During her career, Vanier worked at Trailside Galleries in Scottsdale, Arizona, gaining knowledge of Western art. She also loved contemporary art and served as the director of 19th- and 20th-century art at the Joy Tash Gallery. There, she came to know the French painter Françoise Gilot, Pablo Picasso’s muse and the mother of his two children. Gilot later married Jonas Salk, the inventor of the polio vaccine that changed the world. Vanier recalls sitting in a sidewalk café in Paris with gallery owner Joy Tash and Gilot, who was recalling some of her fondest memories. Vanier asked Gilot what it was like to be married to two famous men. Gilot bluntly replied, “Very difficult.”
The mother-daughter duo intend to pass the art of collecting down to Barber-Hughes’ grandchildren and Vanier’s children, Jared Wick and actress Jolie Vanier. Barber-Hughes says, “I always tell the children, ‘Never sell the art. Keep collecting.’ Our belief is to inspire them to continue to collect, appreciate it and protect it.”
WA&A: What inspires you to collect art?
Betty Barber-Hughes: Art makes me happy! Art and beautiful music are a feast for my soul. Also, it’s the excitement of color — the wilder the better. It makes your heart sing.
Jerre Lynn Vanier: There’s nothing I like to collect more than associations with artists; I love being a part of history with them.
WA&A: What was the first work you purchased, and what made you choose it?
B.B.H.: It was an early watercolor of Beth Ames Swartz, a big, thick watercolor on paper.
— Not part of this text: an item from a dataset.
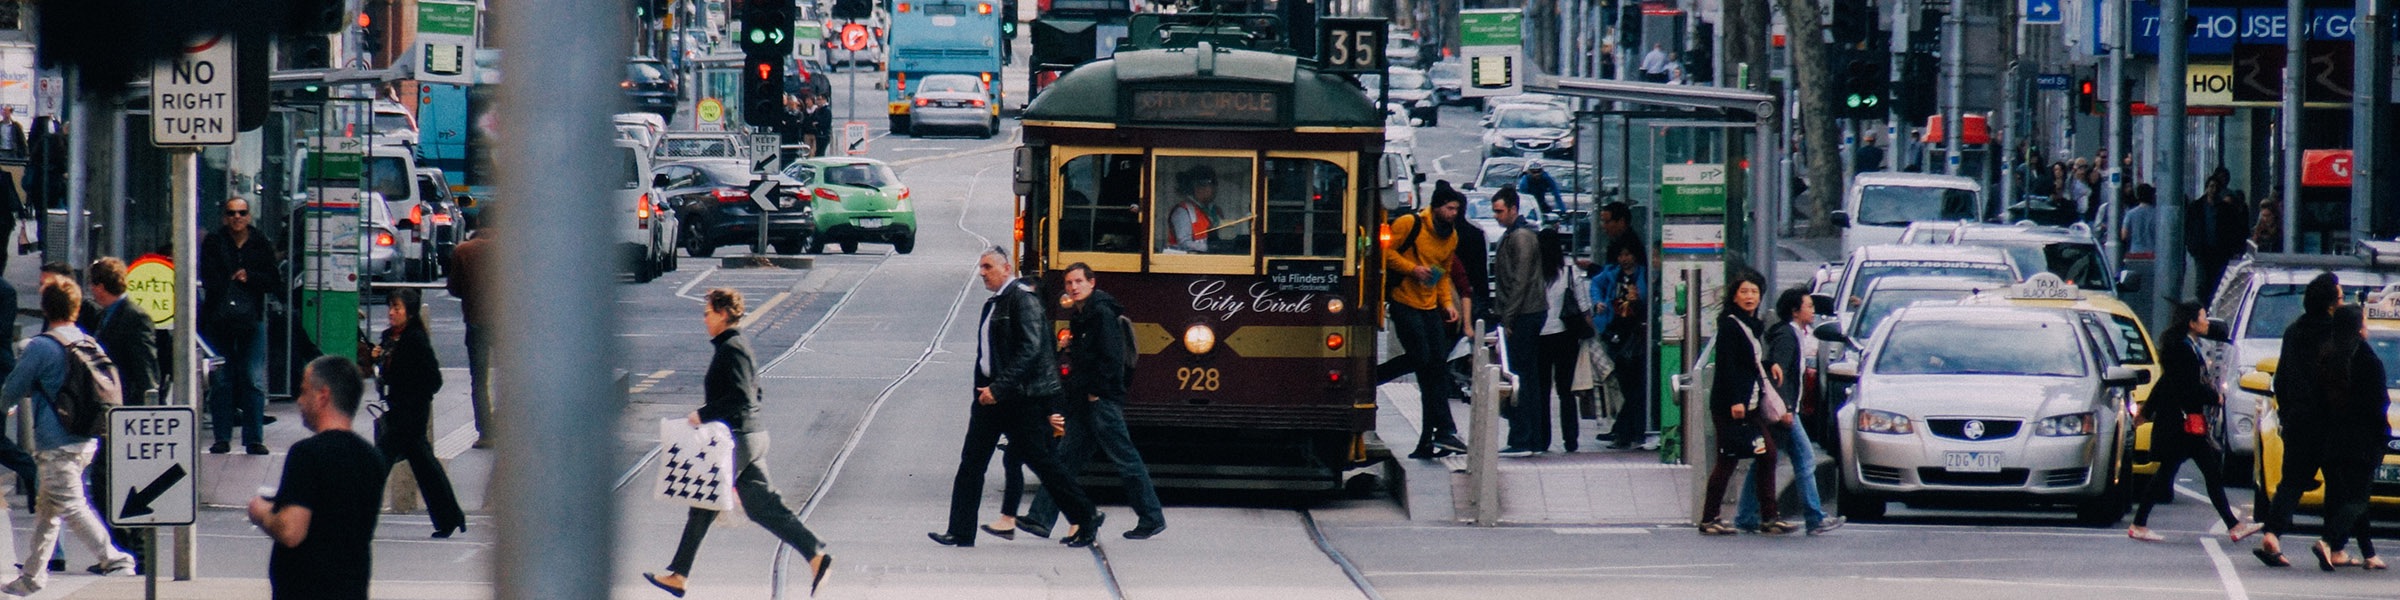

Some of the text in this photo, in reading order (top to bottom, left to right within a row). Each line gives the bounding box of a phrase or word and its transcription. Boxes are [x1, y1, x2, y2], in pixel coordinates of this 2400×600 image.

We went on to collect many of her works.
J.L.V.: The first work I owned was an Andrew Dasburg work on paper that my parents gave me. It was very rare. Then I started collecting the artists I met while working at Southwest Graphics — Kevin Red Star, Ed Mell and Paul Dyck, among others.
WA&A: Was there ever one that got away?
B.B.H.: There was one that almost got away. We’d visited the studio of Genevieve Reckling and purchased two of her Tahitian pieces and saw another one titled The Three Graces. Jerre Lynn’s dad was critically ill at the time, so we didn’t buy it. When we saw it in a magazine, either Connoisseur or ARTnews, it was then we knew we had to have it.
J.L.V.: I would give anything to have a Françoise Gilot painting.
WA&A: How did the salons start?
B.B.H.: It started when I thought of Adele Seronde’s birthday. She was turning 92, and was still painting, writing poetry and being a visionary for others. She is from Maine and lives in Sedona.
J.L.V.: Mother thought it would be wonderful to have a salon for Seronde. After that mother said, ‘I think we should just have it for all of these wonderful artists we know, like Beth Ames Swartz and the Coe sisters — painter Anne and her sister, Kathryn, an anthropologist. We went on to feature Paradise Valley artist Patsy Lowry and partners Jo-Ann Lowney and Joel Coplin.
WA&A: If you could be any artist in history, who would it be?
B.B.H.: I think it would have to be Monet. His work is so endearing to me.
J.L.V.: I’d say van Gogh but he had that ear issue… I love van Gogh’s art, but if I had to choose, it would be one of the artists painting during the 1920s, perhaps Modigliani. Or Matisse. I love them all! Oh, but then there’s Rothko… oh my!